UK wind capacity set for boost after record development auction
(Bloomberg) --Scotland awarded rights for a massive offshore wind development more than twice the size of the UK’s current capacity, in a move that surprised the market for its scale and was welcomed by environmentalists.
The list of winning projects in the tender adds up to nearly 25 gigawatts, far bigger than the 10 gigawatts that Scottish authorities had anticipated ultimately being built.
If constructed, the projects will help provide clean power for the electrification of cars, home heating and factories that will drive a doubling of electricity demand in the next three decades. In all, the Scottish government will net about 700 million pounds ($955 million) in fees from the applicants.
The UK counts offshore wind as a crucial “home-grown” source of clean electricity that can reduce the nation’s reliance on fossil fuels -- and help reach net-zero carbon emissions by 2050. The energy price crunch that’s largely being caused by surging gas prices has underlined the need to focus on developing renewable energy, according to Business Secretary Kwasi Kwarteng.
“It’s a massive step forward in getting Scotland to net-zero by 2045 and the UK to net-zero by 2050,” said Keith Anderson, chief executive officer of Iberdrola SA’s Scottish Power unit, which won leases for the most capacity of any developer.
Some of the fixed-bottom sites, such as the nearly 3 gigawatts of capacity won by BP Plc and Germany’s EnBW Energie Baden-Wuerttemberg AG, will likely be some of the earliest to come online, potentially before 2030.
Still, there will be major hurdles to turning the wind farm plans into reality, such as planning permissions, electric grid capacities and sourcing turbines. Plus, most of the allotted sites are for floating projects, a nascent technology that will likely require significant government support to make them financially viable. The Scottish plan actually assumes that not all of the allotted capacity will end up being built.
“The 25-gigawatt capacity announced this morning speaks to the ambition for the future of UK wind, but there are certainly hurdles ahead in achieving this sizable output,” said Gavin Watson, a partner at Pillsbury Winthrop Shaw Pittman. “If we were able to achieve 10 gigawatts by the mid 2030s, we would be making good progress, but it remains to be seen if supply chains and other enabling factors will be up to delivering on this timescale.”

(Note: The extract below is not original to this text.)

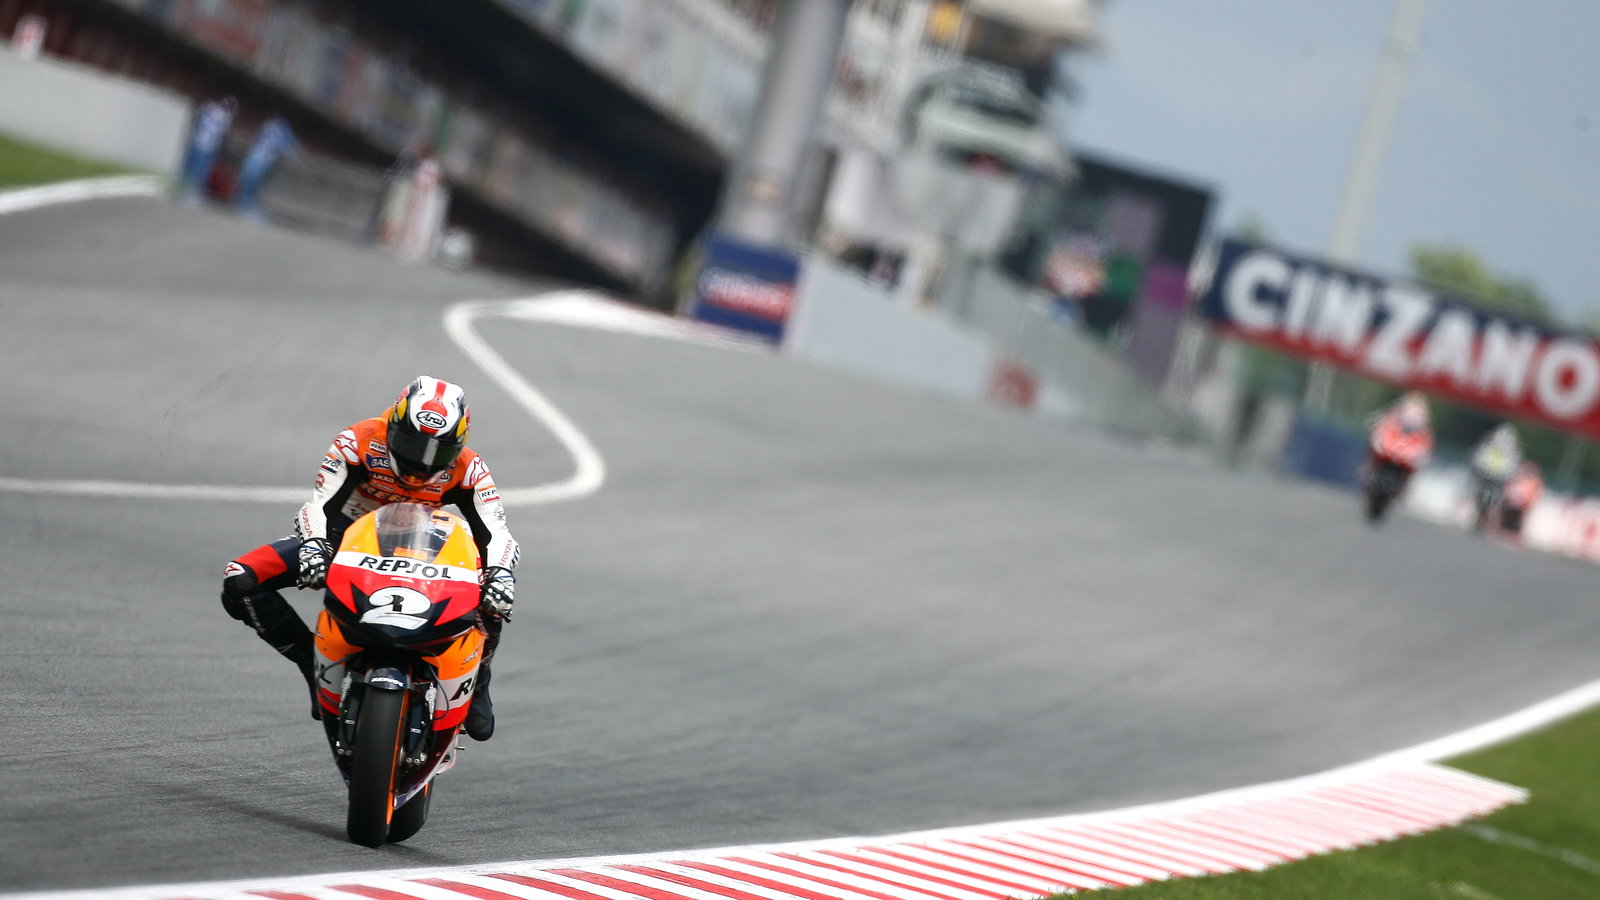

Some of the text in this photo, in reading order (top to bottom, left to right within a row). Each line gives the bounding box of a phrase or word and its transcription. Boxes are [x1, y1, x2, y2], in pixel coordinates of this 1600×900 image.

[1223, 253, 1600, 419] CINZANO
[358, 555, 452, 580] REPSOL
[358, 586, 432, 631] 2

Iberdrola won rights for about 7,000 megawatts, including sites it plans to build with Royal Dutch Shell Plc. Along with BP and EnBW, other major victors included Falck Renewables SpA and SSE Plc. Their ability to construct the projects will be crucial for the UK to meet a goal to quadruple its offshore wind capacity this decade and continue scaling up beyond that as it cuts carbon emissions.
“This announcement marks a colossal step forward in UK offshore wind delivery,” said Doug Parr, Greenpeace UK’s policy director. New renewable power is vital, but on its own it’s not enough, he added. “We need home insulation, upgrades to the energy system, with retraining and support for people working in high carbon industries as they decline.

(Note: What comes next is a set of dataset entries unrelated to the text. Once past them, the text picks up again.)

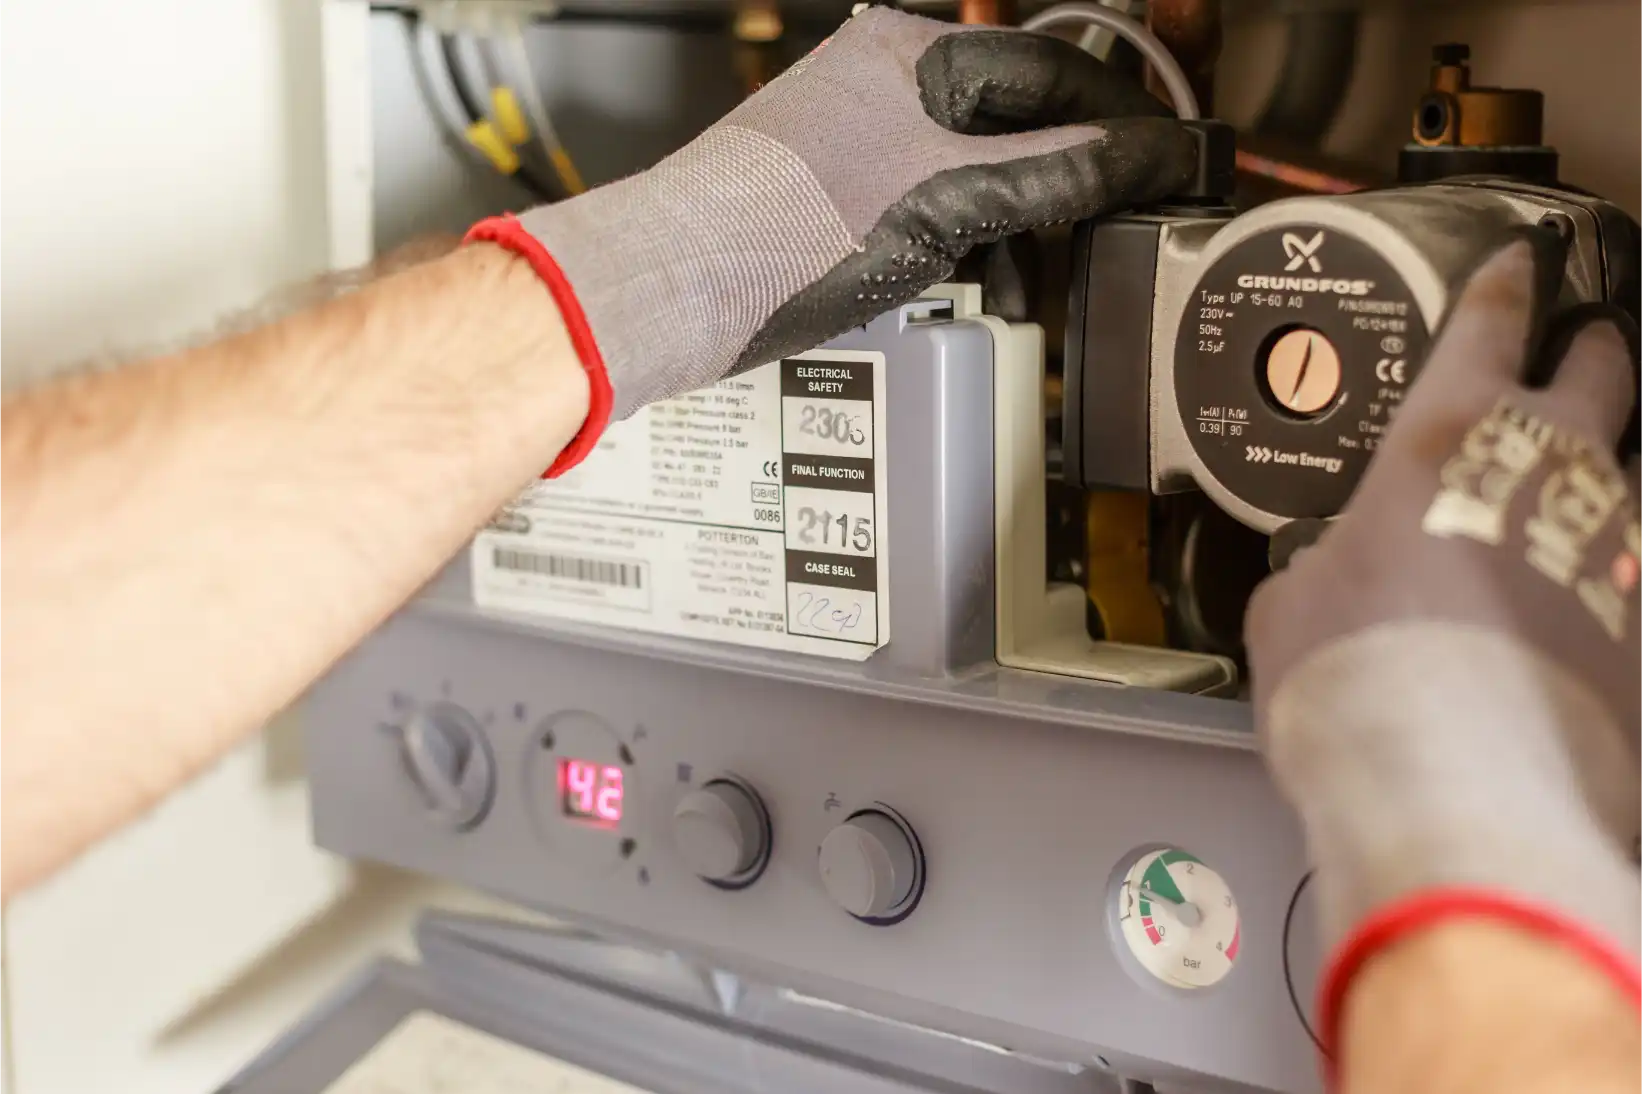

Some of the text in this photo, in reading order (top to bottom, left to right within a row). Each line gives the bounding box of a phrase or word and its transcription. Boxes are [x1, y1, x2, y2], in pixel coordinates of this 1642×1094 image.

[1237, 274, 1369, 296] GRUNDFOS
[1200, 289, 1225, 305] Type
[1230, 291, 1244, 304] UP
[1250, 293, 1283, 307] 15-60
[1199, 323, 1223, 336] 50Hz
[797, 367, 853, 379] ELECTRICAL
[808, 381, 843, 393] SAFETY
[1199, 422, 1220, 434] 0.39
[1230, 425, 1242, 436] 90
[1273, 450, 1343, 474] Low Energy
[791, 464, 865, 479] FINAL FUNCTION
[754, 508, 780, 523] 0086
[797, 506, 872, 552] 2115
[804, 562, 856, 577] CASE SEAL
[567, 760, 623, 821] 42
[1186, 863, 1194, 875] 2
[1224, 895, 1232, 908] 3
[1158, 925, 1166, 937] 0
[1216, 941, 1223, 951] 4
[1183, 956, 1202, 969] bar
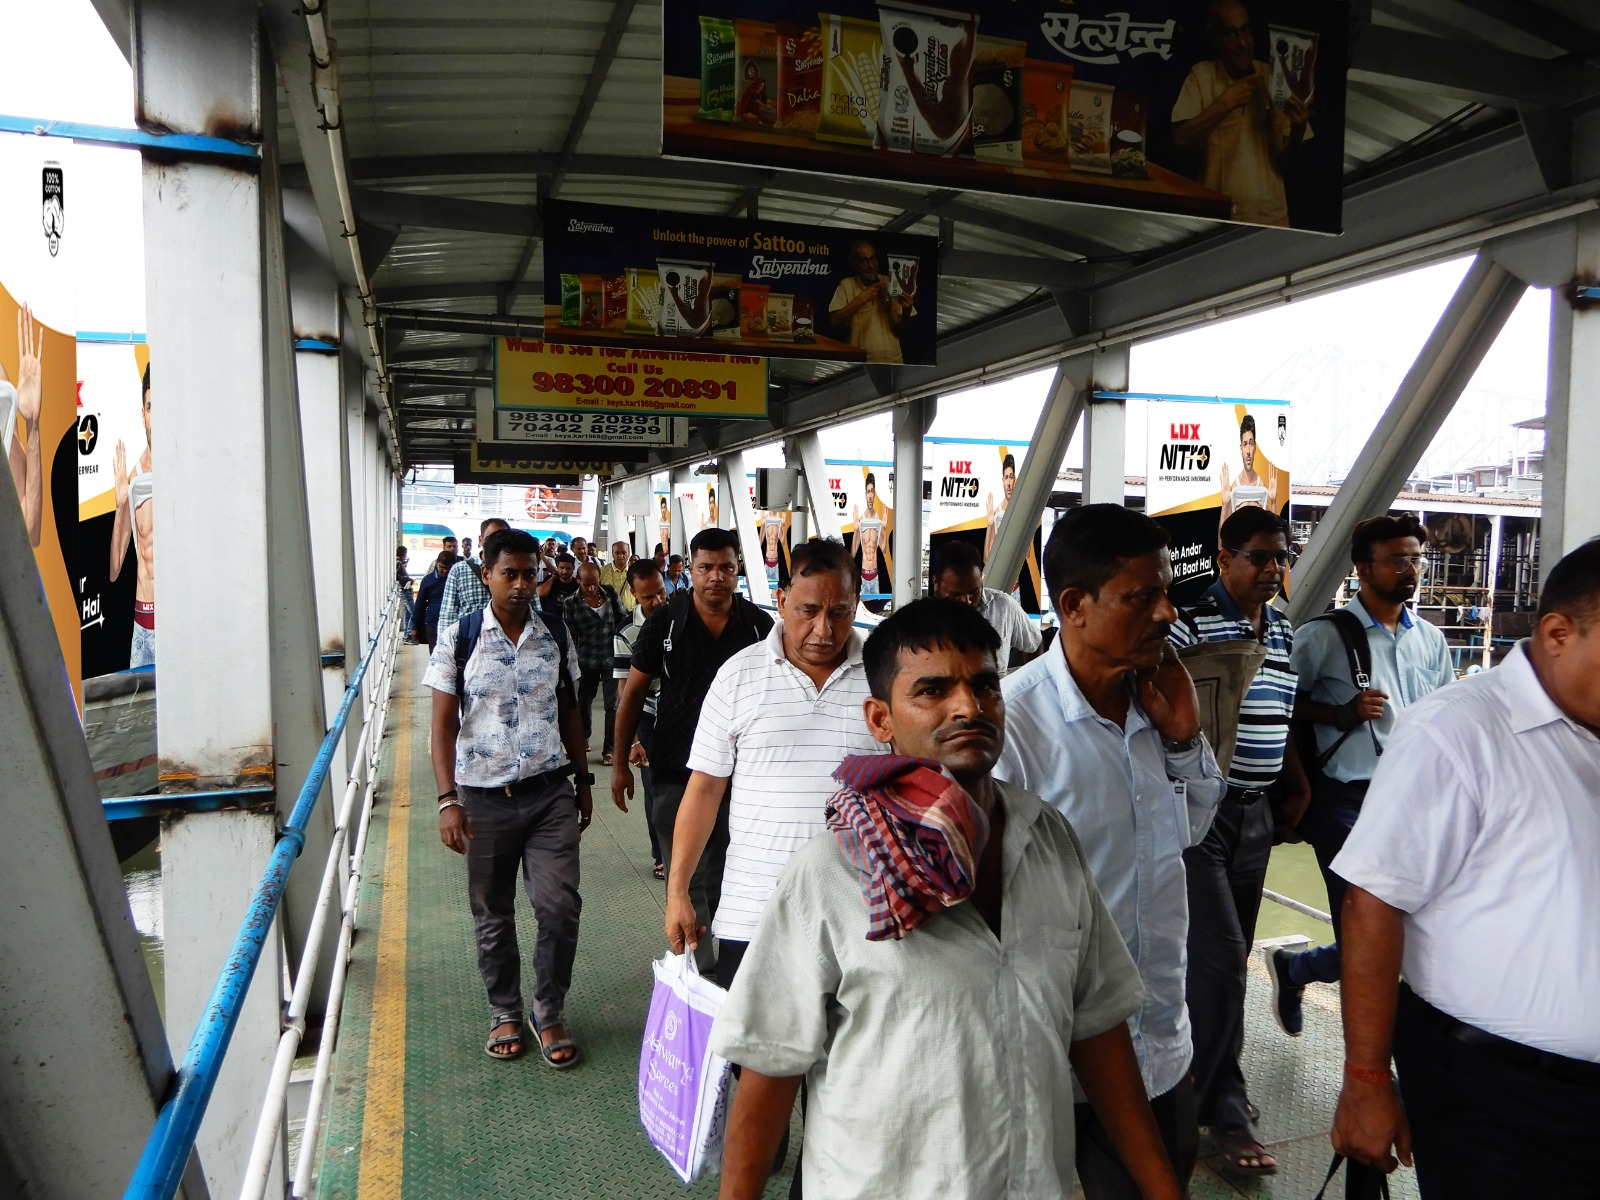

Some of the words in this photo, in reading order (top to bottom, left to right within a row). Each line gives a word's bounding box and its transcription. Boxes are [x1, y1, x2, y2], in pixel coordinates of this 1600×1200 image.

[1040, 12, 1176, 64] सत्येन्द्र
[707, 50, 735, 65] Satyend
[787, 88, 820, 107] Dalia
[830, 103, 868, 118] sattoo
[567, 218, 614, 234] Satyendra
[652, 229, 686, 243] Unlock
[688, 232, 705, 245] the
[706, 237, 737, 249] power
[738, 237, 749, 248] of
[753, 232, 806, 254] Sattoo
[808, 244, 829, 256] with
[749, 255, 832, 279] Satyendra
[506, 337, 544, 353] Want
[607, 362, 638, 373] Call
[644, 364, 664, 375] Us
[532, 371, 635, 397] 98300
[643, 377, 737, 400] 20891
[576, 397, 600, 406] E-mail
[509, 412, 584, 423] 98300
[592, 414, 660, 426] 20891
[508, 422, 582, 433] 70442
[590, 425, 661, 435] 85299
[1170, 423, 1201, 440] LUX
[78, 464, 99, 476] ERWEAR
[949, 461, 972, 474] LUX
[829, 479, 841, 490] UX
[1180, 542, 1203, 559] Andar
[1173, 562, 1182, 578] Ki
[1182, 559, 1199, 576] Baat
[1199, 555, 1212, 571] Hai
[82, 593, 101, 620] Hai
[647, 1058, 679, 1096] Sarees

The contest highlighted the heated competition to develop the giant green energy sites between utilities and big oil companies.
Last year, a similar process in England and Wales saw BP and EnBW agree to pay a record-high fee for the right to develop 3 gigawatts of wind farms in the Irish Sea. In Scotland, there’s a cap on how high companies can bid, meaning the fees for sites will be much lower.
That limited the oil majors’ abilities to spend their way to victory in the Scottish contest. Still, the strong showing from BP, Shell and Total shows they have more to offer than just check books. Established players in the wind industry will have an increasingly difficult time maintaining their edge. BP and EnBW’s 2.9 gigawatts of projects, the biggest haul for fixed-bottom sites, will be worth as much as $10 billion, BP’s UK head, Louise Kingham, said in an interview.
The world’s largest developer of offshore wind farms, Orsted A/S, was among the partners with Falck Renewables on a single 1-gigawatt floating wind farm, loosening its grip on a market it’s long dominated after also failing to win seabed in British waters last year.
Many of the winning bids are for sites in deep waters that will require floating turbines, launching the nascent technology from the pilot stage.
“This is the first auction globally for seabed sites that could host gigawatt-scale floating wind projects,” said Oliver Metcalfe, an analyst at BloombergNEF. “Scaling up to commercial-scale projects will be crucial to cutting the cost of floating wind to make it competitive.”
The winning projects will provide enough electricity to power millions of British homes when they become operational, potentially by the end of this decade.